Possiedo due lagotti romagnoli di 5 e 2 anni puntualmente  presentano problemi alle orecchie, al piu grande mi è stata diagnosticata malassezia e prescritte cure senza venirne mai a capo.
Sostituito il veterinario, un nuovo dottore dopo aver esaminato con  una cultura i batteri dell’orecchio mi ha prescritto antibiotici  mirati che hanno risolto il problema nel cane  (nel frattempo avevo eliminato il pollo dalla sua alimentazione, tramite un forum di  internet qualcuno sosteneva che un’allergia alimentare poteva facilitare l’insorgere della malassezia) successivamente ha avuto ancora problemi anche se piu leggeri.
Adesso invece è il cane di due anni che ha un infezione ad un orecchio, curato con 5 goccie di SUROLAN 2 volte al giorno è migliorato ma a me l’orecchio non sembra completamente sano anche se il veterinario dice che è guarito.
Desideravo sapere se cio dipende dall’alimentazione o dalla particolare conformazione delle orecchie del lagotto o da altro se puntualmente le orecchie dei miei cani presentano questi problemi
Ringrazio anticipatamente

Andrea Vandi
Gatteo  (FC)

 
RISPOSTA:

Salve Andrea,
il lagotto, così come tutti i cani che presentano orecchie allungate, è particolarmente esposto a patologie dell’apparato uditivo, in particolare otiti di natura batterica o micotica.
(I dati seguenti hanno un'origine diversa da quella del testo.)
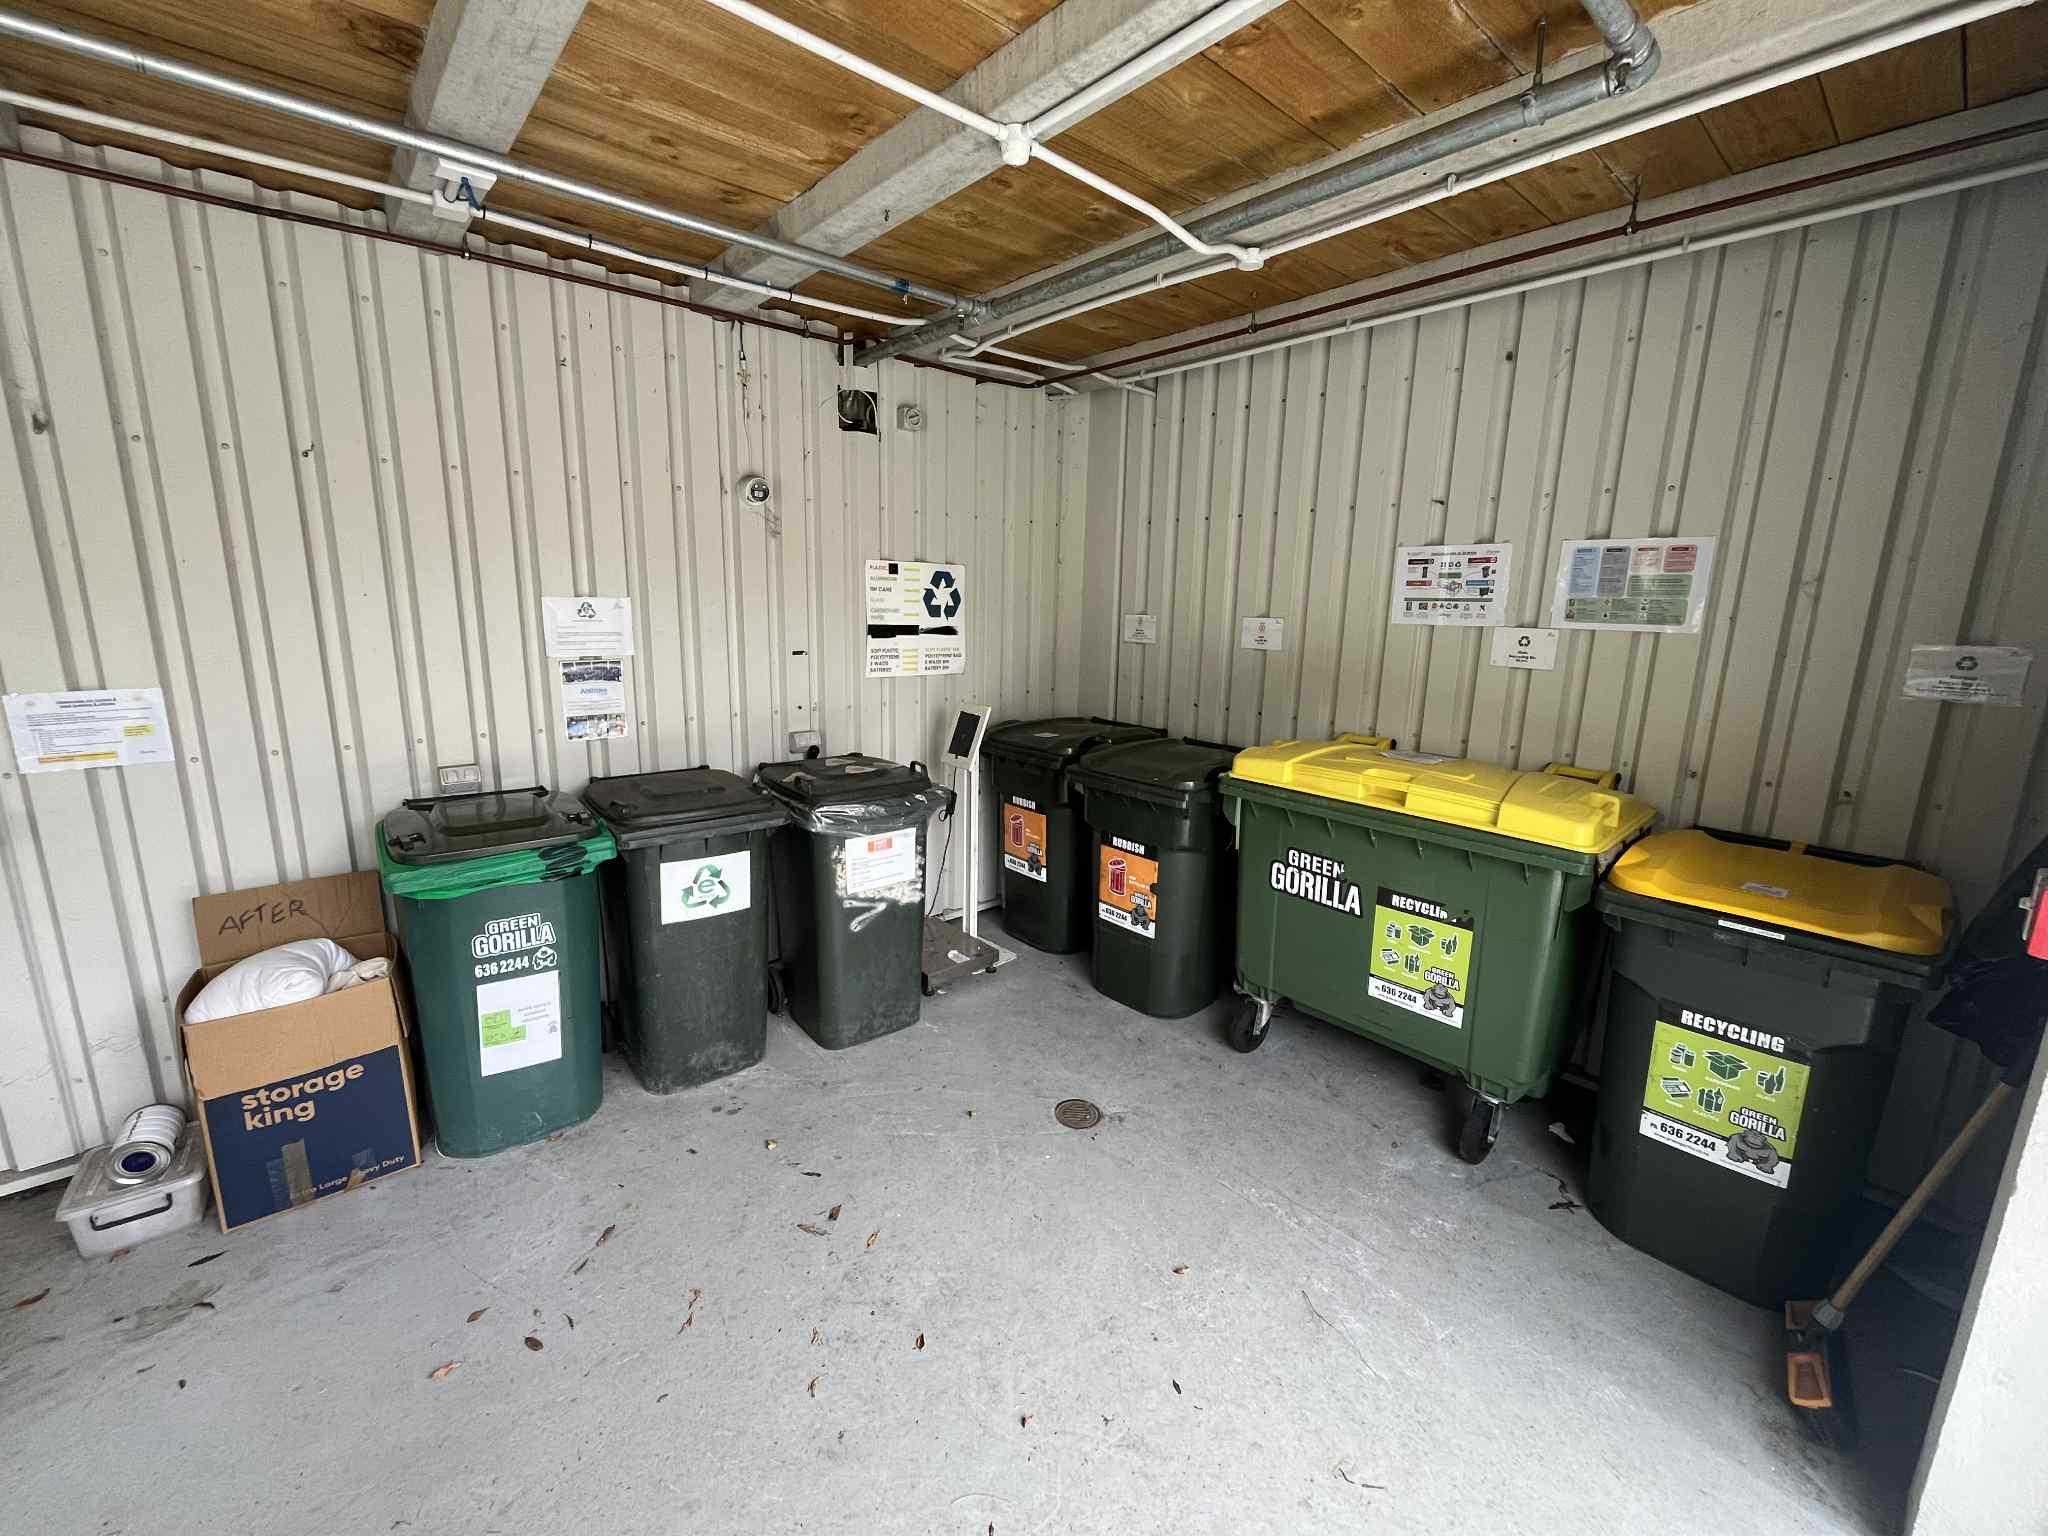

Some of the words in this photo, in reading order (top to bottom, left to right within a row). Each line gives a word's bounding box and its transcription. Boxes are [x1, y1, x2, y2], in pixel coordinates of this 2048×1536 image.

[1288, 849, 1344, 878] GREEN
[1271, 862, 1361, 916] GORILLA
[218, 899, 307, 936] AFTER
[488, 915, 538, 935] GREEN
[474, 924, 553, 957] GORILLA
[475, 961, 498, 978] 636
[499, 955, 530, 973] 2244
[1381, 984, 1396, 996] 636
[1397, 990, 1417, 1004] 2244
[1681, 1009, 1785, 1053] RECYCLING
[241, 1063, 365, 1111] storage
[244, 1100, 316, 1132] king
[1730, 1111, 1785, 1141] GORILLA
[1741, 1107, 1777, 1126] GREEN
[1660, 1122, 1684, 1139] 636
[1686, 1132, 1716, 1152] 2244
[382, 1155, 405, 1168] Duty
Non ho ben compreso se è stato effettuato o meno un tampone auricolare e se sono stati ricercati sia batteri che miceti (in tal caso mi sarebbe piaciuto leggere gli esiti). Onestamente dalla descrizione che fa, è forte il sospetto di una micosi, da trattare a mio avviso con antimicotici per via generale, con antibiotici di copertura, con frizioni giornaliere di clorexidina nelle orecchie, con eventuali antimicotici e antibiotici direttamente nelle orecchie. È fondamentale ritengo fare un buon tampone auricolare e far eseguire anche un antibiogramma perché purtroppo alcune forme batteriche e micotiche rispondono solo ad alcune molecole. Senza questi il rischio è di proseguire con cure palliative che hanno come unico effetto quello di creare farmaco
resistenze. Ogni attacco di otite è un’offesa all’apparato uditivo del cane. Otiti prolungate e ripetute accrescono il rischio di dover poi ricorrere ad interventi di ablazione del canale uditivo. Per quanto riguarda l’uso di un cibo ipoallergenico monoproteico, sicuramente è di supporto ma non ritengo sia risolutivo. Di certo non peggiora la situazione ma non credo che la causa dell’otite sia un’intolleranza alimentare. Spero di averle fornito qualche utile informazione.